Pride, como decíamos, encarna a esa entrañable comedia social británica, que reivindica y hace reír, que explora las injusticias y los dramas personales y familiares y, al mismo tiempo, se aleja del dolor para ofrecer una visión menos desencantada y más ligera.

La lucha de los mineros se une, en este gracioso film, al de los homosexuales que tenían que superar aún la incomprensión y la cerrazón de una sociedad anclada en valores antiguos. Ambos colectivos se necesitan: los mineros apoyo y dinero para hacer frente a las huelgas y el colectivo gay la visibilidad y normalización de cara a la sociedad.

Crítica de Pride (Orgullo)

El conjunto es absolutamente entrañable. Quizá algo light en la parte dura de la historia pero el conjunto tiene las dosis justas de positividad y lucha, de empatía y denuncia. El film se mueve felizmente en lo bucólico, lo entristecido y la convicción de la capacidad solidaria y buena de los colectivos humanos.

Juega un partido a ganar y lo gana, con la misma sencillez con la que expresa sus deseos. Pride no es mejor que muchas otras pero tampoco peor. Es otro buen ejemplo de un cine social británico que golpea la mesa y caricia al espectador. Y que emociona. Y ahí radica el gran valor de este tipo de comedias británicas: emociona al espectador desde la verdad, sin efectismos ni recursos fáciles, sin invadirlo ni sobreexcitarlo.

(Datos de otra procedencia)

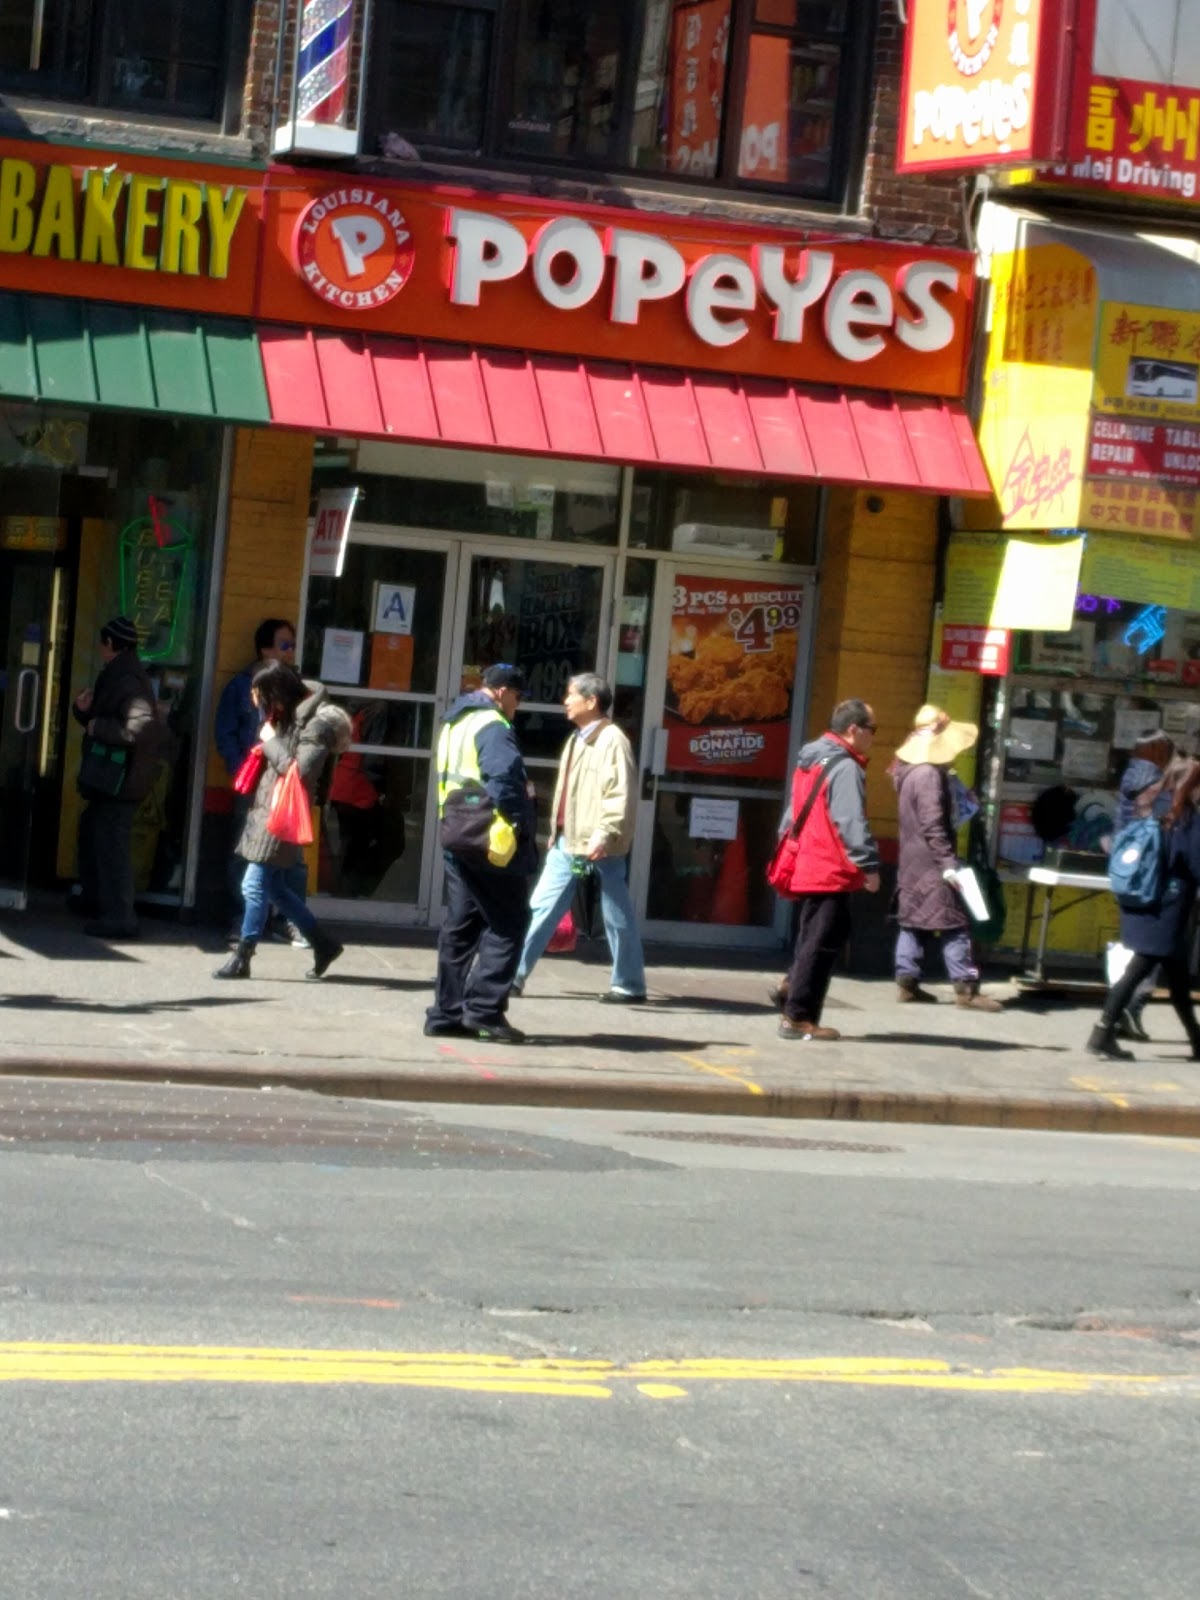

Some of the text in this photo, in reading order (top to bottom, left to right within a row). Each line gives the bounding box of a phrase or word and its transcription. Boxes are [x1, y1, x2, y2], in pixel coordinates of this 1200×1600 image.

Emociona porque la vida es, en muchos momentos, algo emocionante.

Y no olvidemos lo más importante, la emoción es una noción inexcusablemente personal y la provocan las personas (disculpen la obviedad). Y el gran secreto del éxito de estos films está precisamente en esas personas que evidencian la emoción: unos actores y actrices que provocan verdad en todo lo que tocan.

Lo mejor: La sencillez, la emotividad, la autenticidad.

Lo peor: Algo más de dureza en los conflictos.